Efetivamente, um policial já andava no seu encalço, mas o incidente, por sorte, acarretou ao aventureiro muito mais benefício do que prejuízo. Depois da sua primeira apresentação, rara era a noite em que não comparecia no bar de McGinty, com o intuito de estreitar os laços de amizade com os rapazes, título jovial com que os integrantes da perigosa turma se chamavam reciprocamente. Suas maneiras audazes e sua linguagem destemida o transformaram no favorito daquela gente, ao mesmo tempo em que o modo rápido e científico como dominava o adversário numa rixa de botequim lhe granjeara o respeito daquela comunidade bronca. Outro incidente, todavia, elevou-o ainda mais no conceito geral.
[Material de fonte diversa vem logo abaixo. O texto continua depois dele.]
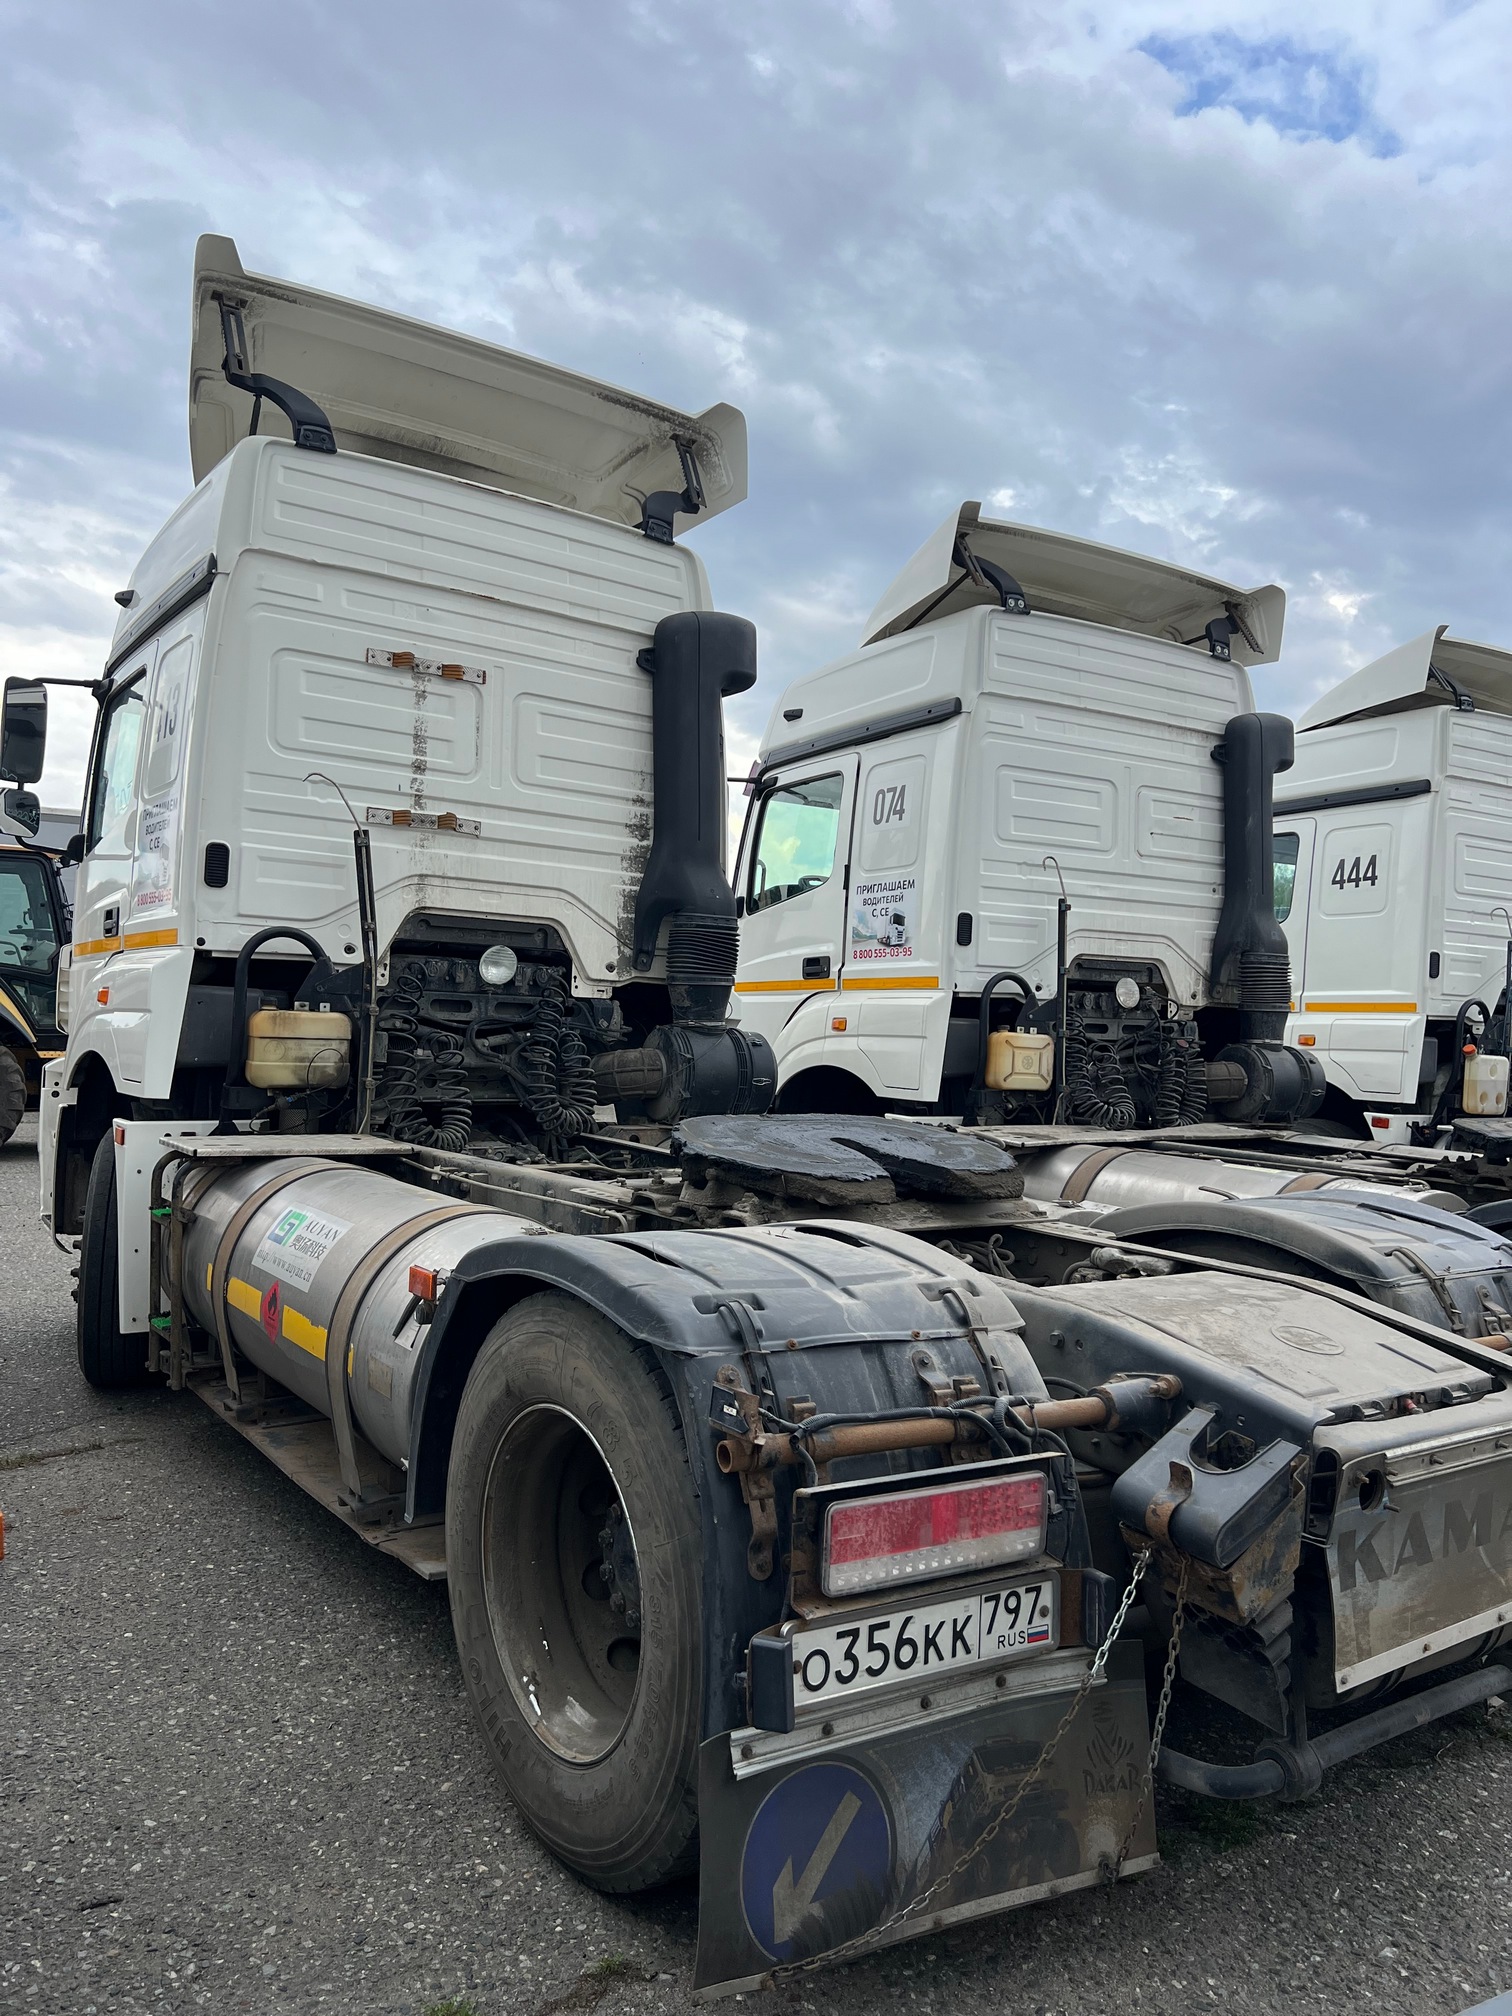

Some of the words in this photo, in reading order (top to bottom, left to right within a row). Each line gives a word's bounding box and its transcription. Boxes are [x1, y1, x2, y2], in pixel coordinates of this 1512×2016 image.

[873, 784, 907, 826] 074
[1331, 854, 1378, 890] 444
[856, 879, 915, 895] ПРИГЛАШАЕМ
[863, 892, 904, 906] ВОДИТЕЛЕЙ
[853, 950, 858, 960] 8
[858, 949, 873, 959] 800
[873, 946, 912, 958] 555-03-95
[302, 1220, 342, 1242] AUYAN
[983, 1584, 1043, 1636] 797
[997, 1630, 1026, 1650] RUS
[1082, 1762, 1141, 1797] DAKAR
Justamente na hora de maior movimento, certa noite, a porta se abriu, e entrou no salão um homem envergando o discreto uniforme azul e o boné alto da Polícia do Carvão e do Ferro. Era uma organização especial de vigilância subvencionada pelos proprietários das ferrovias e das minas de carvão, destinada a auxiliar os esforços da polícia civil comum, que era completamente impotente em face do banditismo organizado que infundia o terror na região. Um profundo silêncio acolheu seu ingresso, e mais de um olhar curioso se fixou nele; contudo, as relações entre policiais e criminosos são características nos Estados Unidos, e o próprio McGinty, de pé atrás do balcão, não demonstrou a menor surpresa quando o inspetor se reuniu aos seus clientes.

— Um uísque puro, pois a noite está gélida — disse o agente. — Creio que ainda não nos conhecemos, conselheiro, não é verdade?
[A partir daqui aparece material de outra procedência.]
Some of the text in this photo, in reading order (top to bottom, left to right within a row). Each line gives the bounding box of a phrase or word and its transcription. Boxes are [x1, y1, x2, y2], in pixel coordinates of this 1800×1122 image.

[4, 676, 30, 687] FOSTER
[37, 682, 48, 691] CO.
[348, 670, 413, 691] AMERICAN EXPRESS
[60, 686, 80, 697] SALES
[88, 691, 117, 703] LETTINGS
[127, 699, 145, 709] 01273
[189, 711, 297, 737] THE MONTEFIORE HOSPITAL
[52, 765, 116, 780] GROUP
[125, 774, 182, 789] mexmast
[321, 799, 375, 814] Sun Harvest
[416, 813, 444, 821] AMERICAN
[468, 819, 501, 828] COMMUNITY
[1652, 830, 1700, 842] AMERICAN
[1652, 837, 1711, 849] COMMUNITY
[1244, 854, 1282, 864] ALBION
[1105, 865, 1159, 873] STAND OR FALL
— Você é o novo capitão? — perguntou McGinty.

— Exatamente. Contamos com o senhor, conselheiro, e com os outros cidadãos influentes para nos ajudarem a manter a ordem e a lei nesta cidade. Sou o capitão Marvin... da Polícia do Carvão e do Ferro.

— Agiremos melhor sem você, capitão Marvin — replicou McGinty friamente. — Temos a nossa própria polícia, aqui na cidade, e não necessitamos de nenhum traste importado. O que é você senão um instrumento pago pelos capitalistas, arranjado para atacar a cacetadas e a tiros os nossos concidadãos mais pobres?

— Vamos deixar de discussões — obtemperou, bem-humorado, o policial. — Acredito que todos cumprimos o nosso dever segundo a própria opinião; entretanto, é pena que essas opiniões não sejam todas iguais.

Já esvaziara o copo e preparava-se para sair, quando seus olhos pousaram no rosto de Jack McMurdo, que se encontrava a seu lado com ar carrancudo.

— Vejam só! Eis aqui um velho conhecido — exclamou, olhando-o de alto a baixo.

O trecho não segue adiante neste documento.